The sociological insights in this piece of dubious hagiography are almost as skimpy as a centerfold's nightie. The basic point seems to be that all that tight-vested Eisenhower '50s conservatism led inevitably to bunnies--er, Bunnies. It's not much of a point, but then neither is the film's explanation for the Playboy empire's decline: the Reagan '80s knocked out all those swinging key clubs and turned wholesome sex into something unwholesome again.

Actually, the declining fortunes of Playboy Inc. are airbrushed. What we get for the most part is a fuzzy chronology of events beginning with Hefner's repressive Methodist upbringing in Chicago, followed by his blossoming into a fun guy in college. (He edited the college humor magazine, complete with demure co-ed pin-ups: Even then he knew!) Then Hefner hits upon the idea of a men's magazine that would demonstrate "nice girls like to have sex too." But there's almost no bankroll. James Coburn reinforces the point for us: "All he had was his dream."

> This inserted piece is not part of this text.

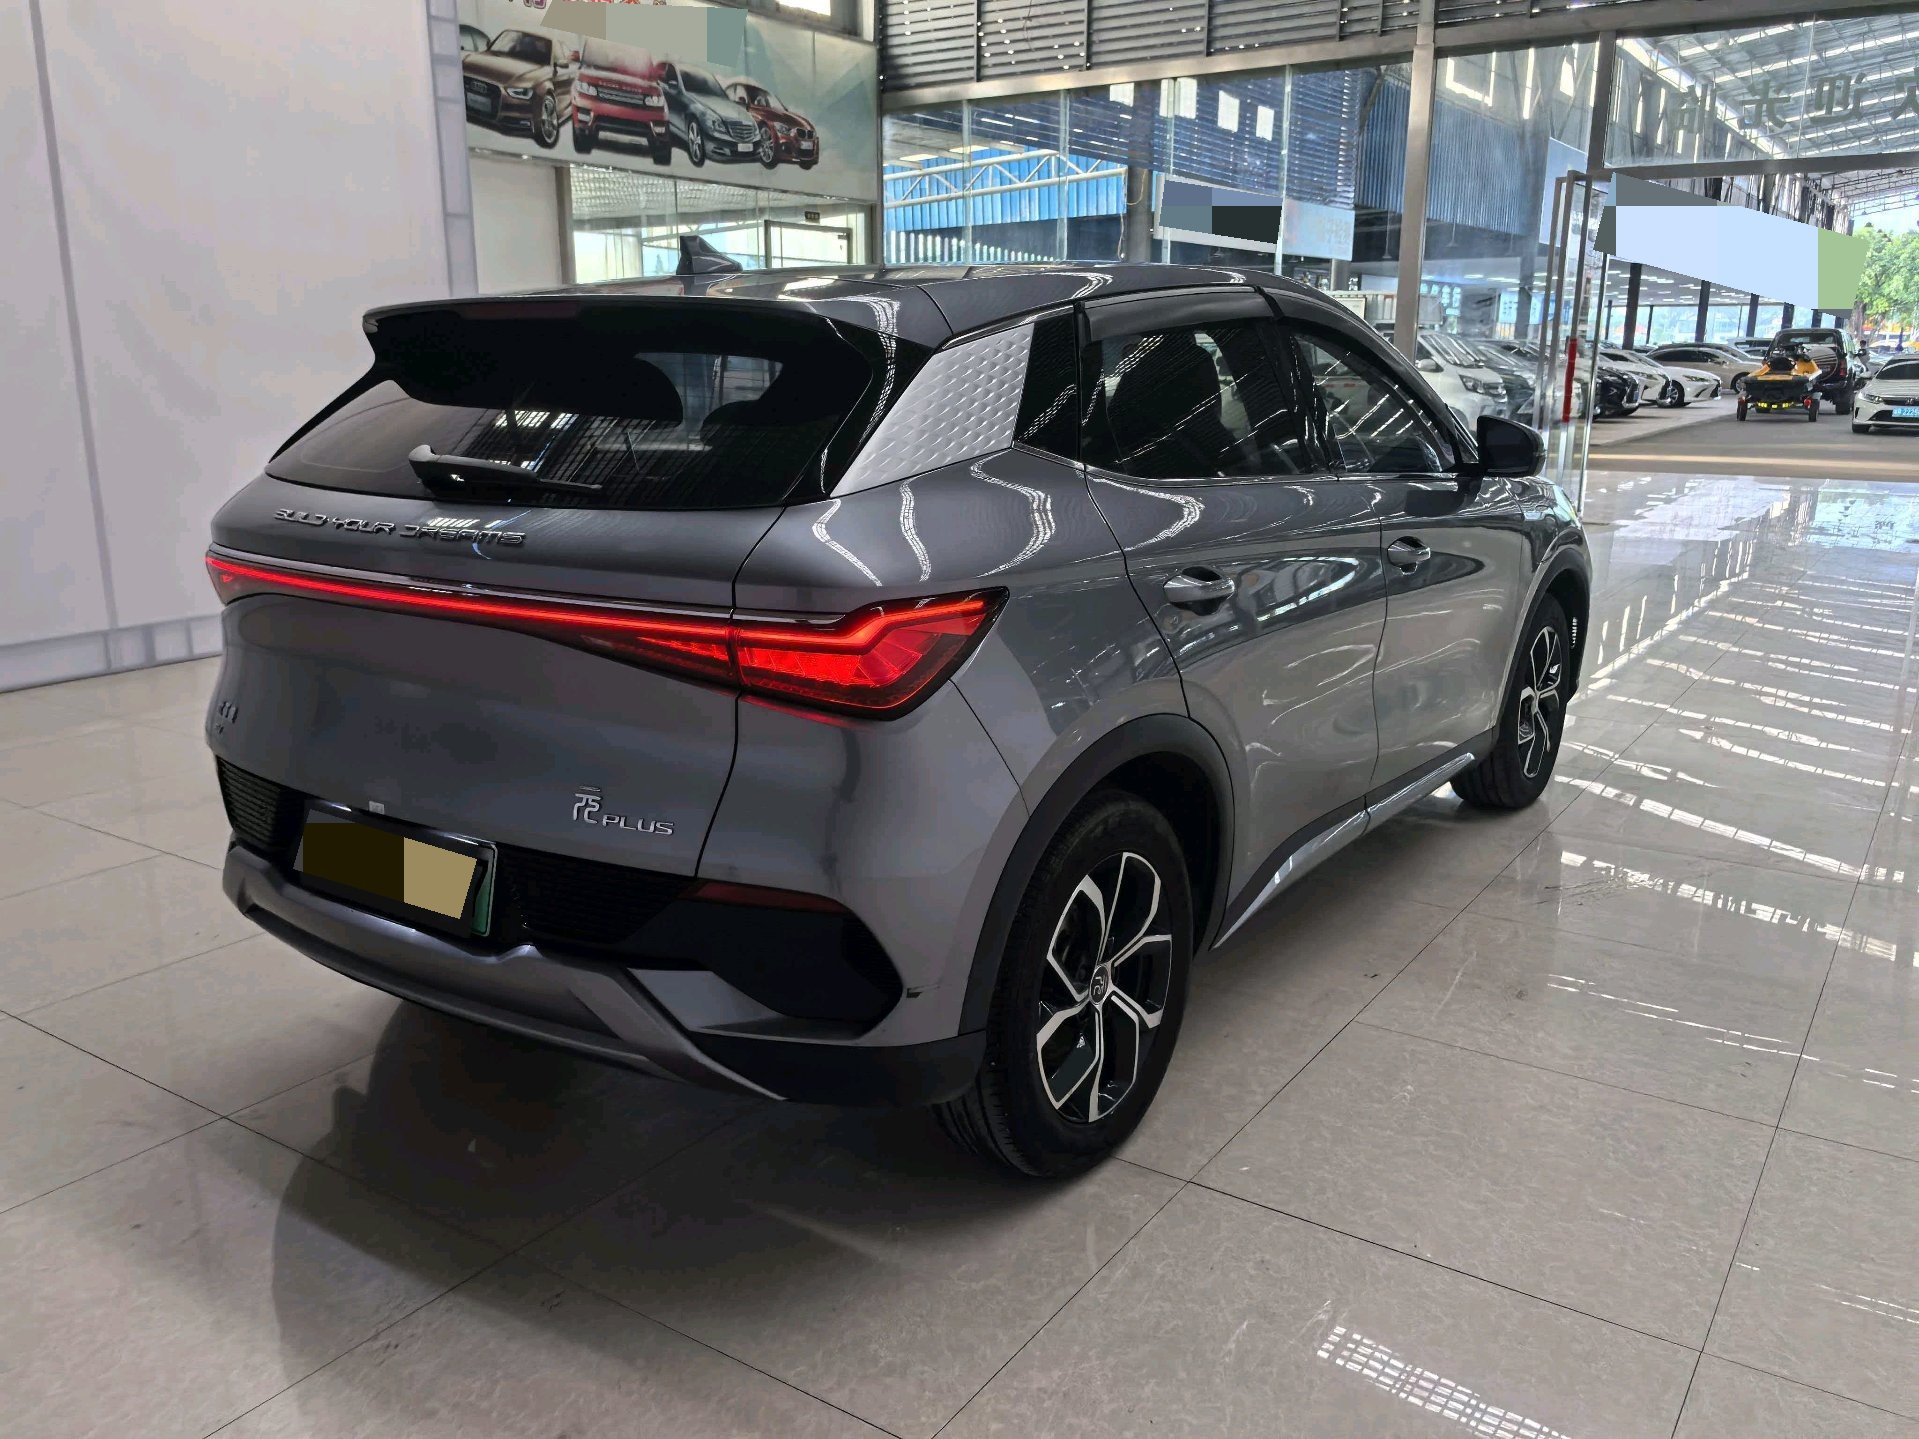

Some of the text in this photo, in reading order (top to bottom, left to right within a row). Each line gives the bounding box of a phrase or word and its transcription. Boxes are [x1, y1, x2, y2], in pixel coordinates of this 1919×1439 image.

Not quite. He also had Marilyn Monroe's infamous nude calendar photo, which, when reproduced in the magazine's first issue, contributed heartily to its sellout.

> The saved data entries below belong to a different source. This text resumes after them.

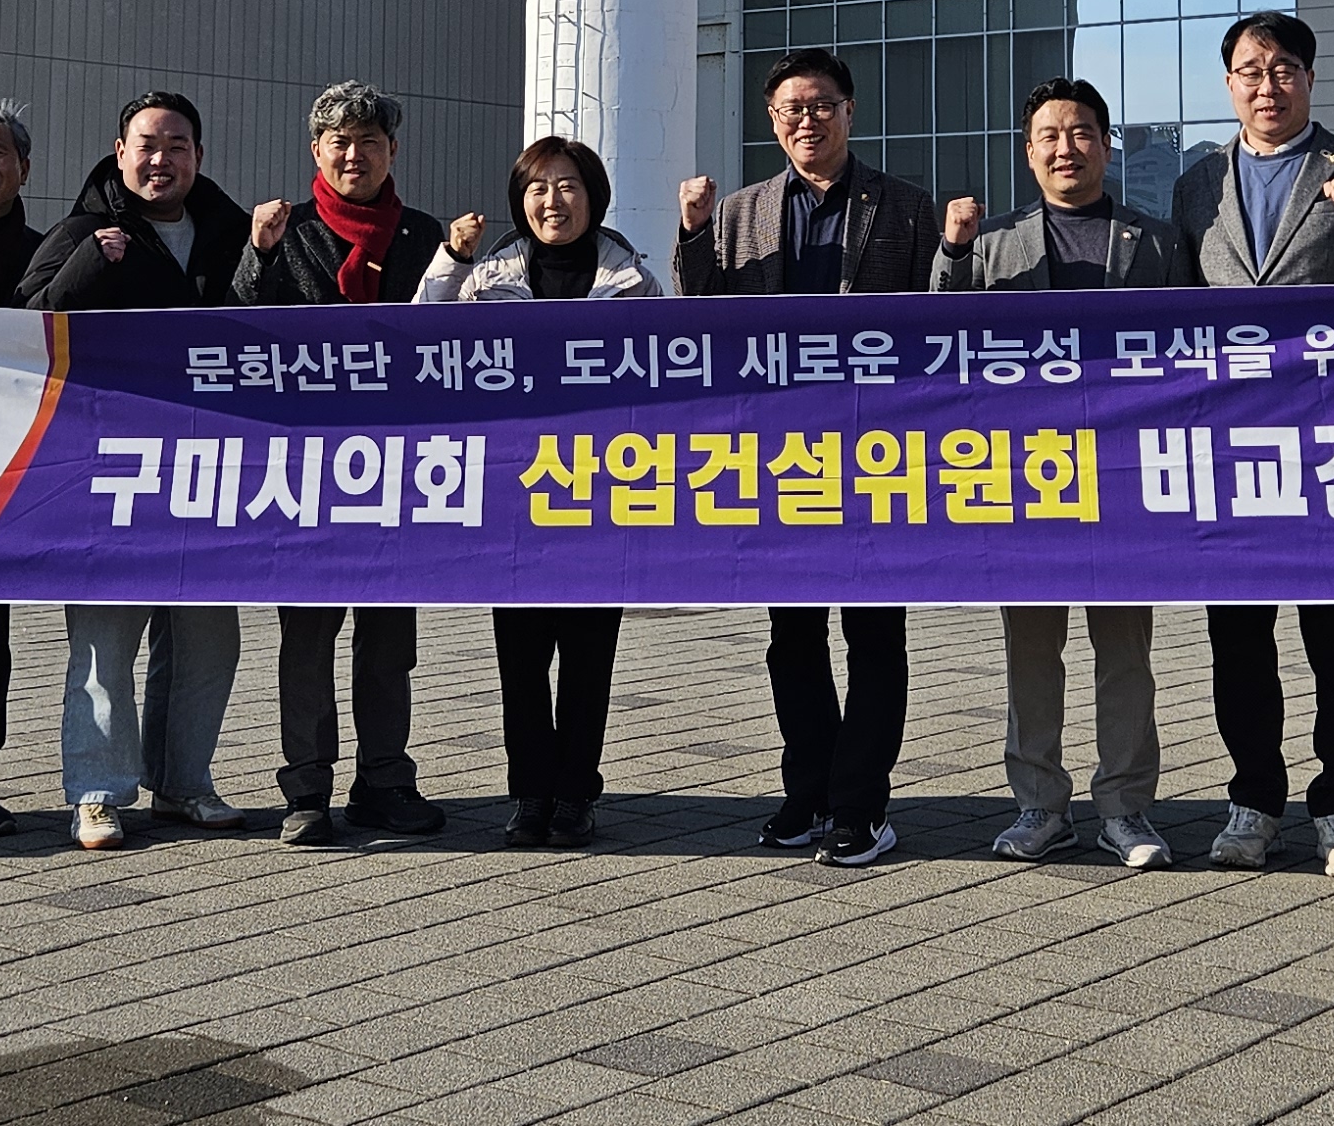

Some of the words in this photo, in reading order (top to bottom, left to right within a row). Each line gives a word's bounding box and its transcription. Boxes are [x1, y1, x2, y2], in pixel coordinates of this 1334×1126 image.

[186, 342, 392, 393] 문화산단
[416, 338, 534, 393] 재생,
[561, 334, 712, 388] 도시의
[739, 331, 899, 386] 새로운
[924, 329, 1082, 385] 가능성
[1110, 325, 1277, 381] 모색을
[89, 435, 487, 528] 구미시의회
[519, 429, 1100, 527] 산업건설위원회

The film has its warts-and-all aspects: The wrongful prosecution on drug charges of Hefner's personal assistant Bobbie Arnstein, who killed herself shortly after sentencing; the Dorothy Stratten story; a description of Hefner's ruinous dexedrine habit. Clips from interviews with spoilsport nay-sayers like Susan Brownmiller and Mike Wallace punctuate the odyssey. Even William Buckley, who has occasionally written for Playboy, can't resist a few oleaginous demurrals. (For aficionados of irony, there's even a too-good-to-be-true clip of a youngish Charles Keating haranguing Hef on behalf of an organization called Citizens for Decency.)